Osgood SchlattersOsgood-Schlatter’s disease is one of the most common causes of knee pain in children. The Condition typically arises in Children during late childhood and early adolescence. Osgood Schlatter’s is generally more common in boys, often presenting in one knee, although both may be affected.

This condition often affects children who are highly active, particularly in sports requiring a lot of explosive movements such as running and jumping. Although Os-good schlatter’s is often considered a self-limiting disease (resolves on its own, in time), it can take several months to years to resolve entirely.

Risk factors include:

  • Age (Girls: 8-12, Boys: 10-16)
  • Gender (Male ? Female)
  • High activity level
  • Recent growth spurt
  • Poor physical conditioning or underlying Biomechanical issues

Signs and Symptoms:

Typically the onset of pain is gradual, with localised tenderness and swelling around the tibial tuberosity (the bony prominence below the knee cap). Pain is often aggravated by activities that require extending the knee with force or against resistance, eg: Running or jumping. In some cases the tibial tuberosity may become enlarged and quite painful to touch. Patients typically report that the pain reduces with rest.

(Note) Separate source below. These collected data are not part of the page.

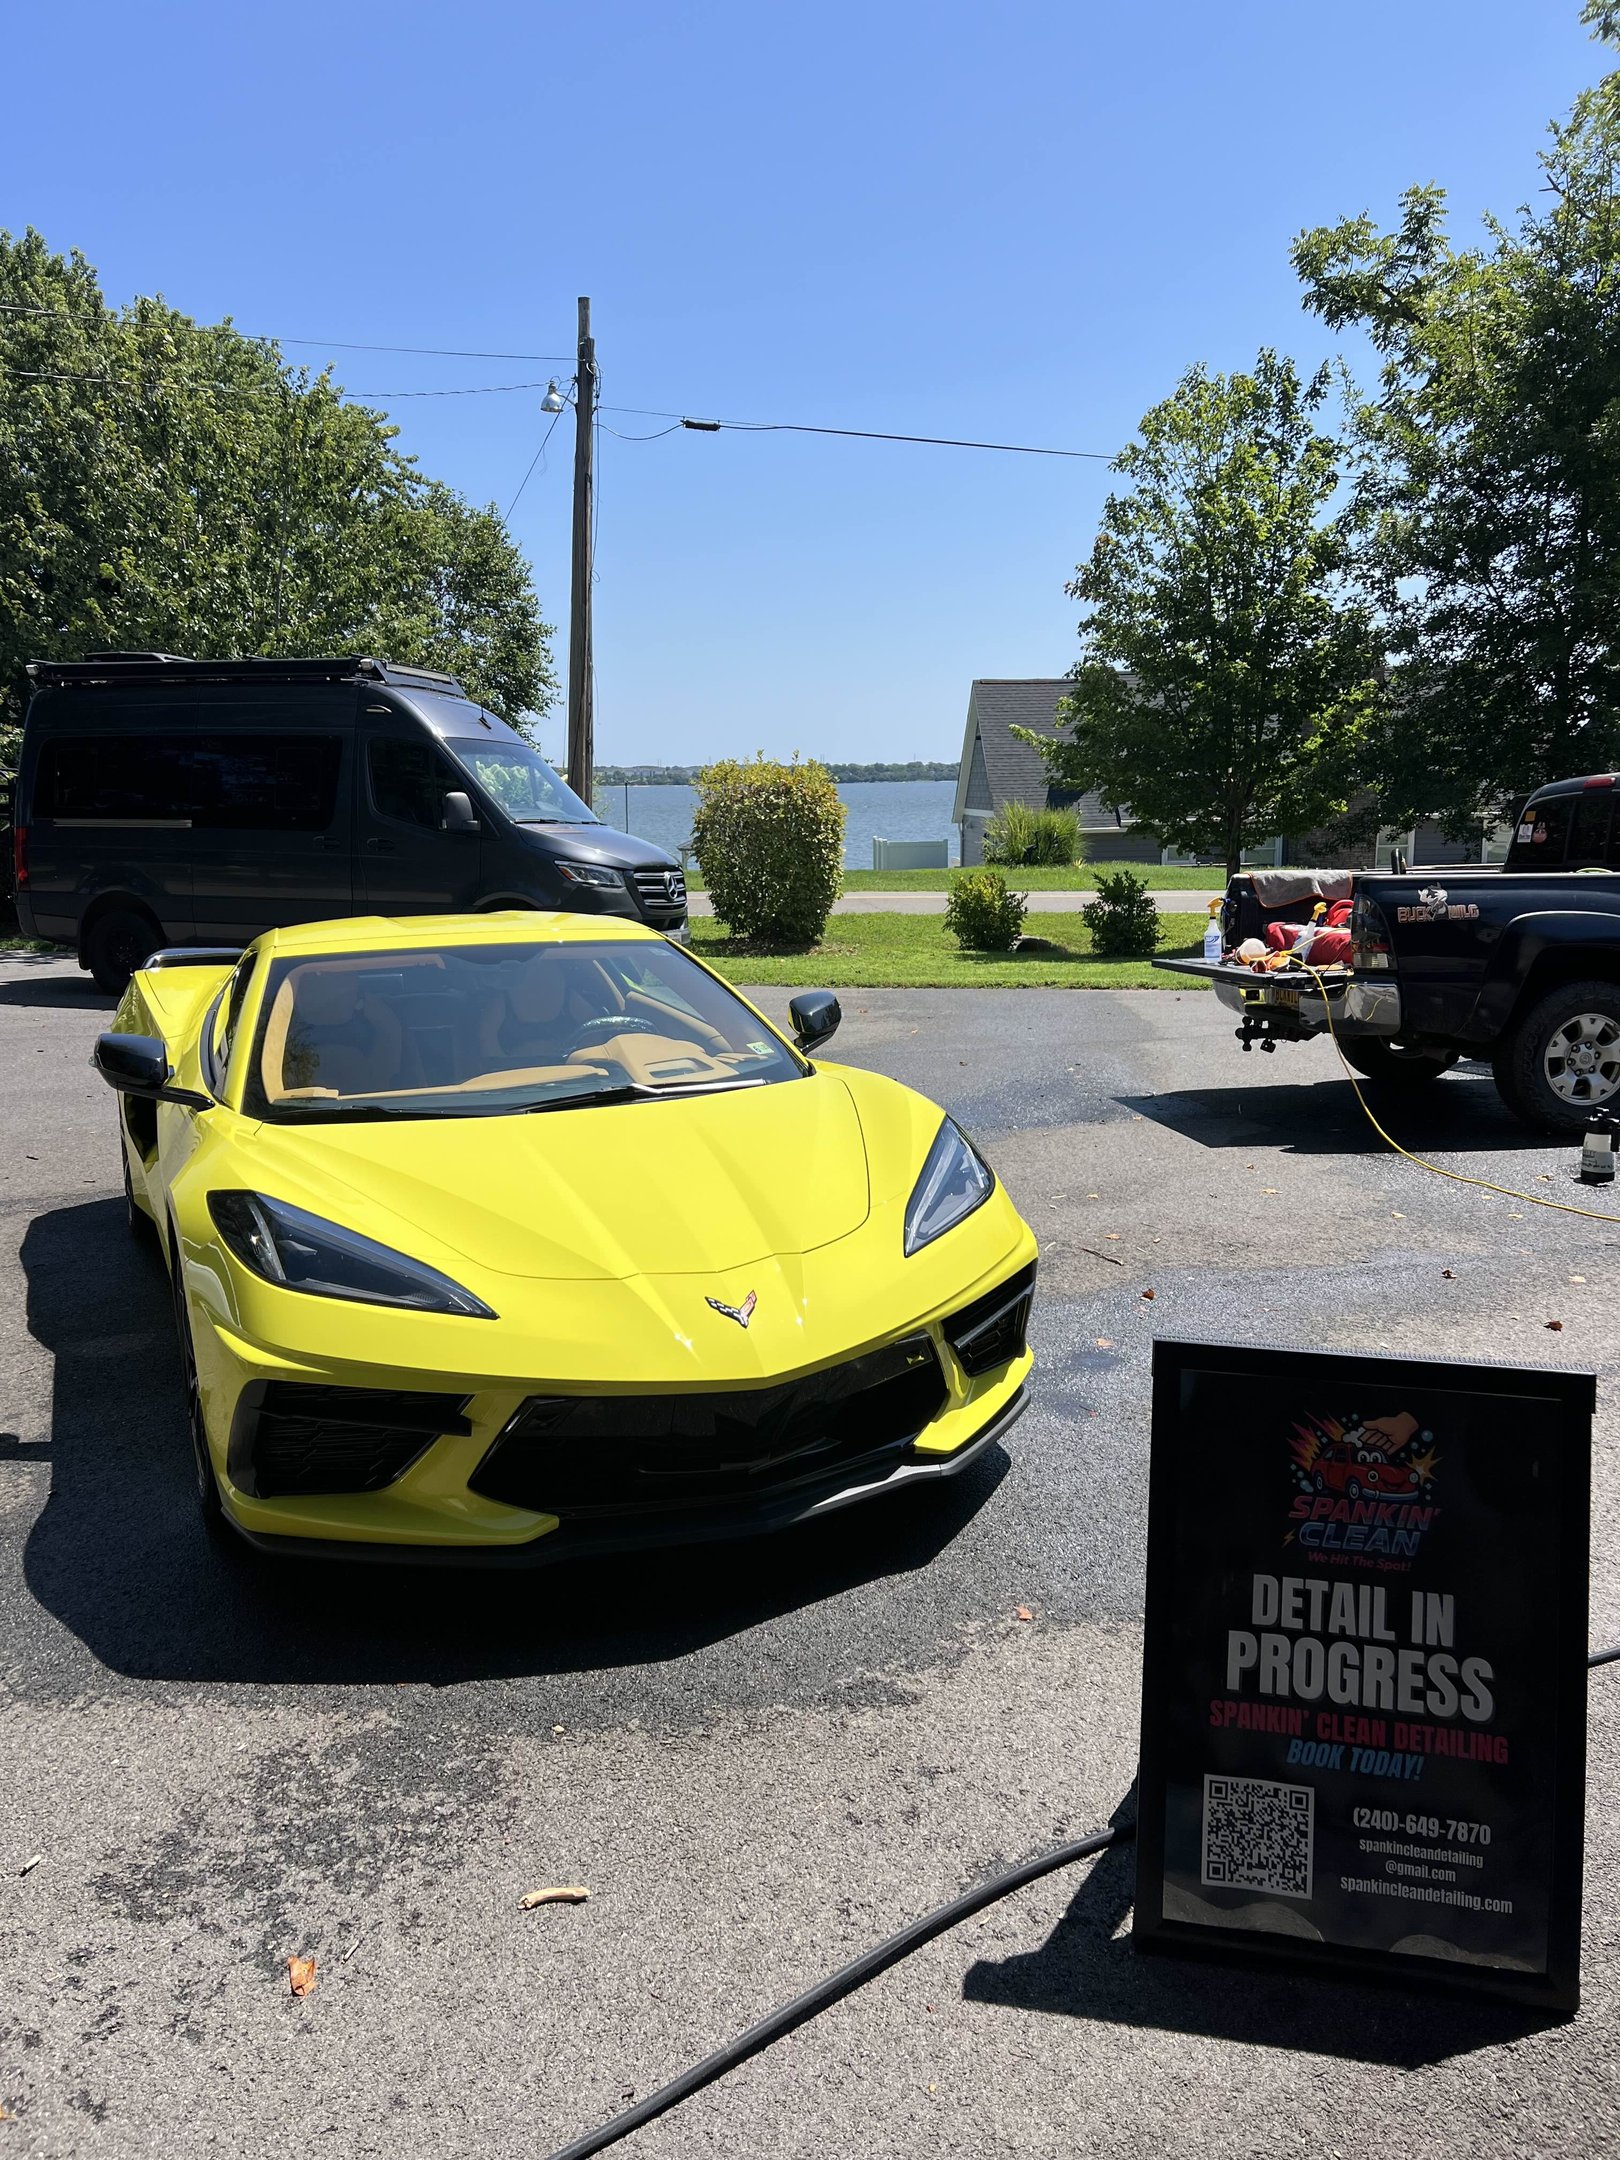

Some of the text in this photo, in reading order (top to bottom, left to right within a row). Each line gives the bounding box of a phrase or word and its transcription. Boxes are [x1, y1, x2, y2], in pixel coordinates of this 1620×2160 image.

[1397, 906, 1434, 923] BUCK
[1288, 1495, 1440, 1529] SPANKIN'
[1299, 1522, 1419, 1555] CLEAN
[1308, 1551, 1410, 1572] We Hit The Spot!
[1251, 1573, 1453, 1646] DETAIL IN
[1226, 1630, 1495, 1721] PROGRESS
[1208, 1699, 1509, 1764] SPANKIN' CLEAN DETAILING
[1286, 1738, 1424, 1779] BOOK TODAY!
[1352, 1807, 1490, 1844] (240)-649-7870
[1359, 1838, 1482, 1867] spankincleandetailing
[1385, 1860, 1455, 1881] @gmail.com
[1340, 1876, 1512, 1912] spankincleandetailing.com

Diagnosing Osgood-schlatter’s disease

Diagnosis of this condition is usually made through a detailed history of the patient and clinical/physical examination by the clinician.

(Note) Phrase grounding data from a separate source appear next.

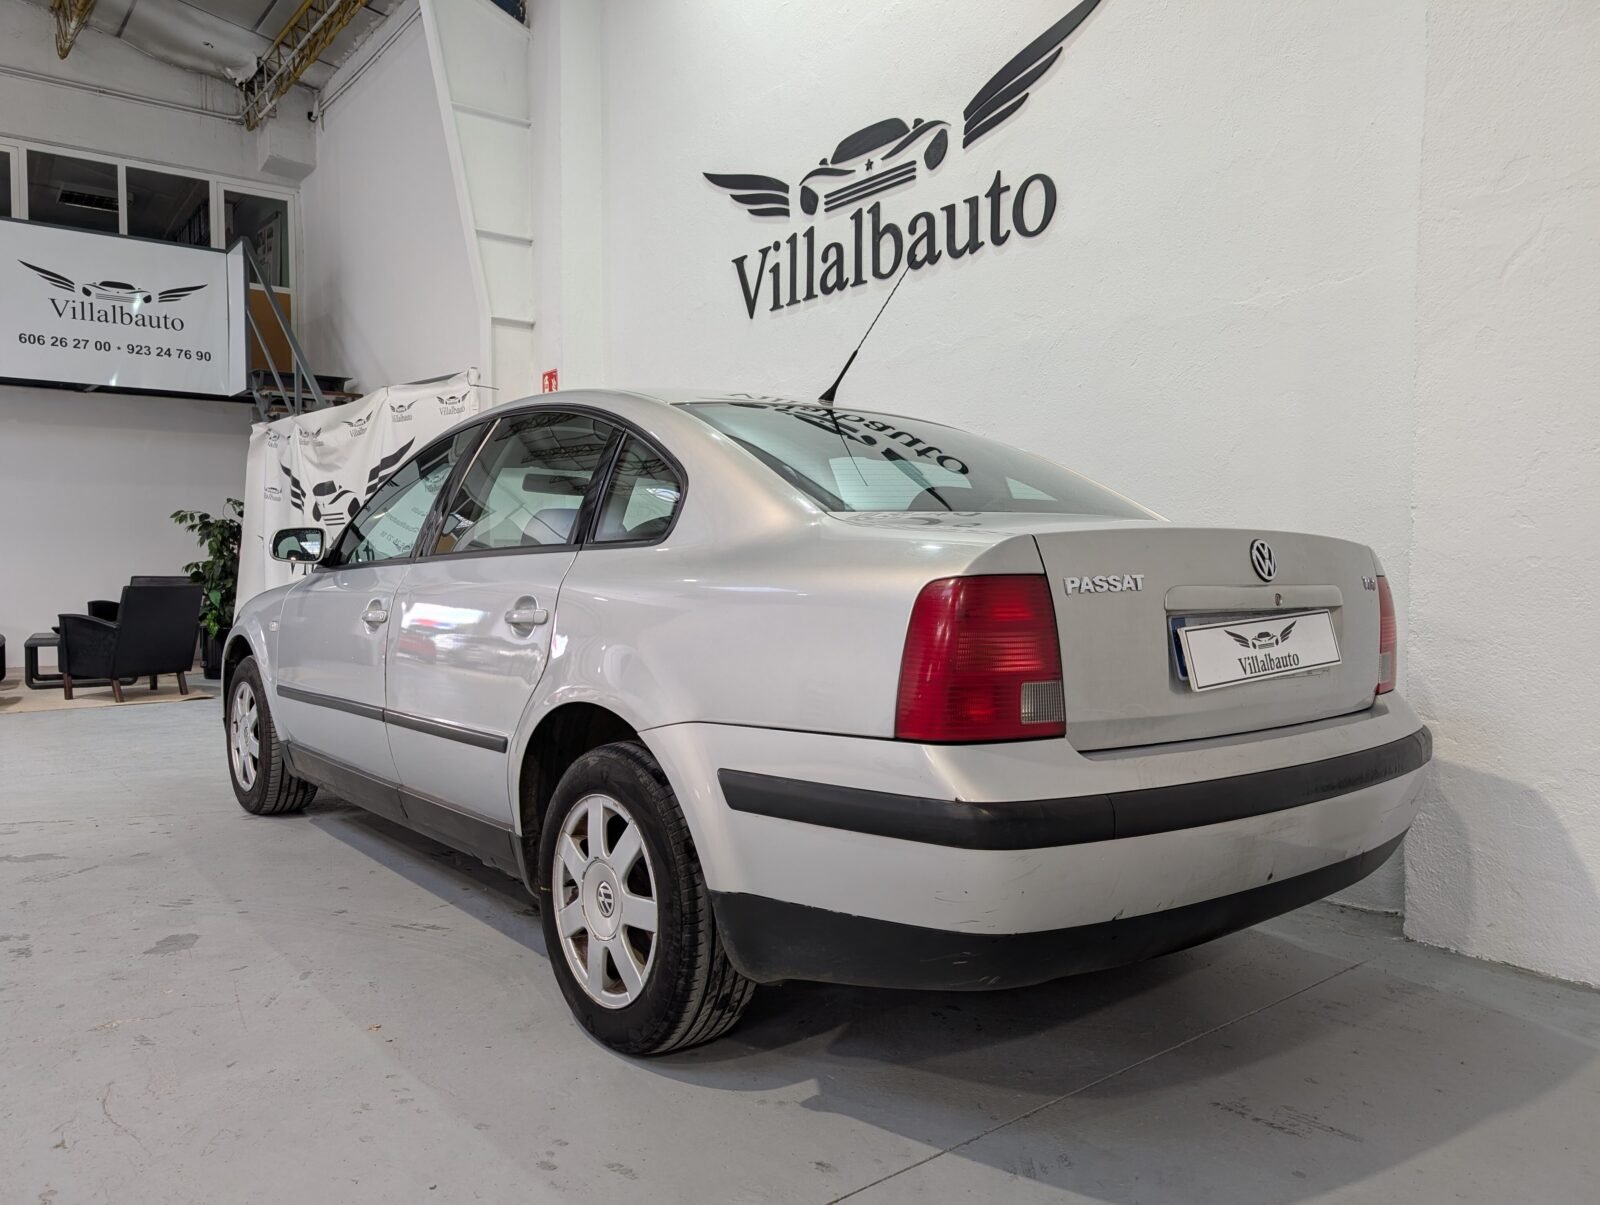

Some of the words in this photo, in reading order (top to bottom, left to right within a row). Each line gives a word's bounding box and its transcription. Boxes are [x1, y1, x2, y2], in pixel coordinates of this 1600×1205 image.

[731, 170, 1058, 320] Villalbauto
[48, 297, 184, 331] Villalbauto
[18, 332, 46, 346] 606
[50, 335, 68, 348] 26
[72, 338, 89, 350] 27
[94, 340, 111, 352] 00
[126, 343, 152, 356] 923
[155, 346, 172, 358] 24
[176, 348, 192, 360] 76
[195, 350, 212, 362] 90
[1063, 573, 1145, 596] PASSAT
[1238, 651, 1300, 676] Villalbauto

How do we treat Osgood-schlatter’s?

This condition often responds well to conservative measures. Which may include and combination of the following:

  • Activity modification – Reducing overall activity level (especially in the initial stages), avoiding activities such as running, jumping, Kneeling and squatting.
  • Rest & Ice: apply ice to the affected knee for 15-20 minutes to the affected knee every 2 to 3 hours or immediately following activity/exercise.
  • Stretching & strengthening: Individual tailored stretching and exercise programs can be implemented to help reduce the stress placed on the tibial tuberosity.
  • Taping: can sometimes help to reduce the symptoms of this condition
  • Oral medications: Nonsteroidal anti-inflammatory drugs (NSAIDs), such as Ibuprofen or Voltaren, may be helpful in reducing pain and inflammation.
  • Orthotic therapy: If there are any underlying biomechanical factors contributing to this condition, orthotics may be implemented to correct any alignment issues.

What Is The Prognosis of Osgood Schlatters?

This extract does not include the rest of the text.